Actualmente, alrededor de 3.6 millones de personas padecen fibrosis pulmonar idiopática en el mundo, mientras que otros 5.6 millones presentan fibrosis pulmonar progresiva asociada a enfermedades pulmonares intersticiales fibrosantes.
Entre los factores relacionados con un mayor riesgo de fibrosis pulmonar idiopática se encuentran el tabaquismo, algunas infecciones virales, factores genéticos y la enfermedad por reflujo gastroesofágico. En la fibrosis pulmonar progresiva puede existir una enfermedad de base, como artritis reumatoide o esclerosis sistémica.
Síntomas pueden limitar actividades cotidianas
Natllely Itzel Ruíz, médica reumatóloga adscrita al INER, explicó que el avance de estas enfermedades puede reducir progresivamente la capacidad de los pacientes para realizar actividades cotidianas.
Entre los principales síntomas se encuentran la tos persistente, dolor torácico, fatiga y dificultad creciente para respirar. Conforme avanza la enfermedad, caminar, subir escaleras o realizar ejercicio puede convertirse en una actividad cada vez más complicada.

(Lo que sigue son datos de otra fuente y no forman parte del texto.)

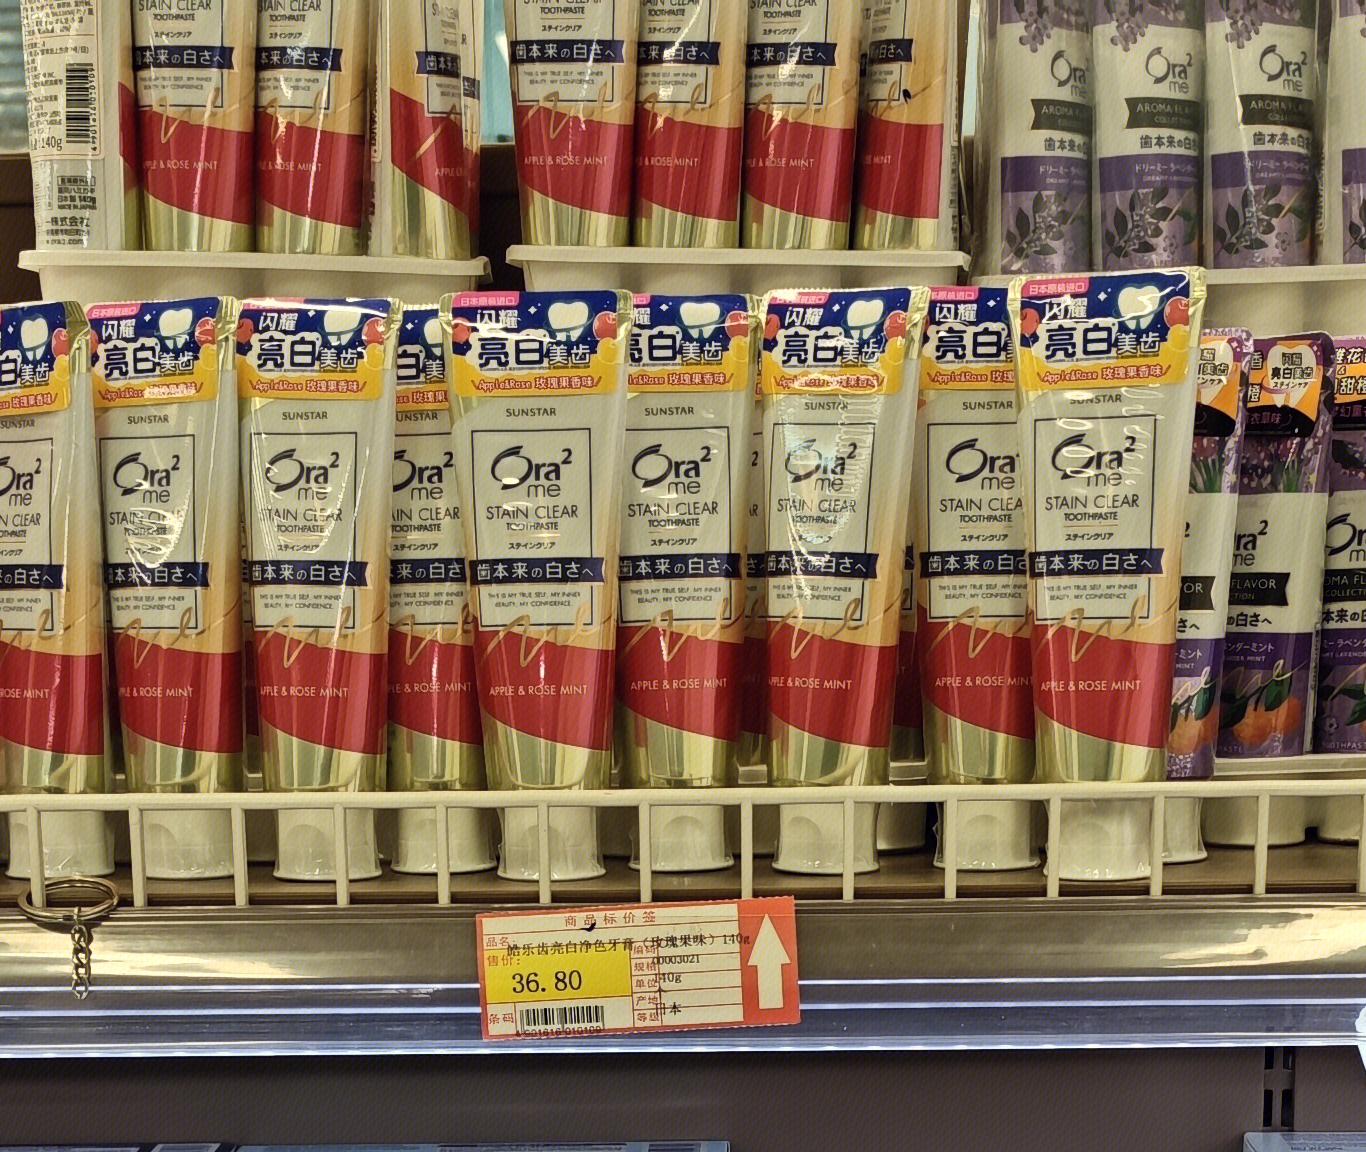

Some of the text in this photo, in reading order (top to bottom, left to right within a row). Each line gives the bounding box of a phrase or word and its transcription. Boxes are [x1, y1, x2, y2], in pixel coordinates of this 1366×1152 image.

[535, 375, 595, 389] 玫瑰果香味
[505, 407, 557, 417] SUNSTAR
[527, 479, 561, 498] me
[485, 505, 578, 520] STAIN CLEAR
[506, 522, 559, 531] TOOTHPASTE
[508, 541, 556, 551] ステインクリア
[477, 560, 595, 581] 歯本来の白さへ
[489, 685, 588, 697] APPLE & ROSE MINT
[512, 970, 582, 993] 36.80

“Una tos que se prolonga por más de tres meses pese al tratamiento, o la dificultad para respirar al realizar actividades cotidianas, pueden ser señales de Fibrosis Pulmonar”, advirtió Ruíz.
“Ante estos síntomas, la recomendación es acudir al neumólogo, ya que un diagnóstico temprano puede marcar una diferencia decisiva en la vida del paciente”, afirmó.